▸ HOW TO COMPLETE THIS TASK: Locate the line that contains "Some of the text" in the entries below. Retype it and all following lines through the final one, character for character.

▸ EXERCISE MATERIALS:
'''

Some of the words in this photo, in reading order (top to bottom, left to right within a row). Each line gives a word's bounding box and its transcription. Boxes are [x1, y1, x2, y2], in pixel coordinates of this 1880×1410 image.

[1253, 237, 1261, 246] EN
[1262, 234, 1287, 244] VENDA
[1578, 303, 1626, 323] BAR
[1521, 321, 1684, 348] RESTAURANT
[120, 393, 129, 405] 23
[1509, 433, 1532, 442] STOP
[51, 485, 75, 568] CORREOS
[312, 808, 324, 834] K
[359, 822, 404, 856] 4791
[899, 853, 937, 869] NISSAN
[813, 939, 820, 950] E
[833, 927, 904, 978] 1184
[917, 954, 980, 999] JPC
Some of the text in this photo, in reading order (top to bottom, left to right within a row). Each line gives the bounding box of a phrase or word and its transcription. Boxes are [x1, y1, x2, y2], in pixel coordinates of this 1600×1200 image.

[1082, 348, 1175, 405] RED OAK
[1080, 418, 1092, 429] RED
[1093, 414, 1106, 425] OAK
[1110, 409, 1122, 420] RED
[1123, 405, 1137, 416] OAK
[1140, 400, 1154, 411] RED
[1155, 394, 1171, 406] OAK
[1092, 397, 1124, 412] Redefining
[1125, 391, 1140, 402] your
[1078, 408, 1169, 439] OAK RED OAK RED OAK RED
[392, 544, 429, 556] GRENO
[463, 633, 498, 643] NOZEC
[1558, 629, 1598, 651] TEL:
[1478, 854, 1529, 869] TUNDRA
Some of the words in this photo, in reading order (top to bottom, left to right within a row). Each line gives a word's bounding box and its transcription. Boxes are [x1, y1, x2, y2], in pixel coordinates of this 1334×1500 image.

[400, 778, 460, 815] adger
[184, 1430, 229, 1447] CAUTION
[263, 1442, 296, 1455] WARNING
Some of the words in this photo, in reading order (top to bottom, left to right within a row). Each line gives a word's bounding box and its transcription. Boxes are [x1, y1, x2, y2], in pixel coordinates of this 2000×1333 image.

'''

▸ EXPECTED OUTPUT:
Some of the text in this photo, in reading order (top to bottom, left to right within a row). Each line gives the bounding box of a phrase or word and its transcription. Boxes are [x1, y1, x2, y2], in pixel coordinates of this 1600×1200 image.

[1082, 348, 1175, 405] RED OAK
[1080, 418, 1092, 429] RED
[1093, 414, 1106, 425] OAK
[1110, 409, 1122, 420] RED
[1123, 405, 1137, 416] OAK
[1140, 400, 1154, 411] RED
[1155, 394, 1171, 406] OAK
[1092, 397, 1124, 412] Redefining
[1125, 391, 1140, 402] your
[1078, 408, 1169, 439] OAK RED OAK RED OAK RED
[392, 544, 429, 556] GRENO
[463, 633, 498, 643] NOZEC
[1558, 629, 1598, 651] TEL:
[1478, 854, 1529, 869] TUNDRA
Some of the words in this photo, in reading order (top to bottom, left to right within a row). Each line gives a word's bounding box and its transcription. Boxes are [x1, y1, x2, y2], in pixel coordinates of this 1334×1500 image.

[400, 778, 460, 815] adger
[184, 1430, 229, 1447] CAUTION
[263, 1442, 296, 1455] WARNING
Some of the words in this photo, in reading order (top to bottom, left to right within a row). Each line gives a word's bounding box and its transcription. Boxes are [x1, y1, x2, y2], in pixel coordinates of this 2000×1333 image.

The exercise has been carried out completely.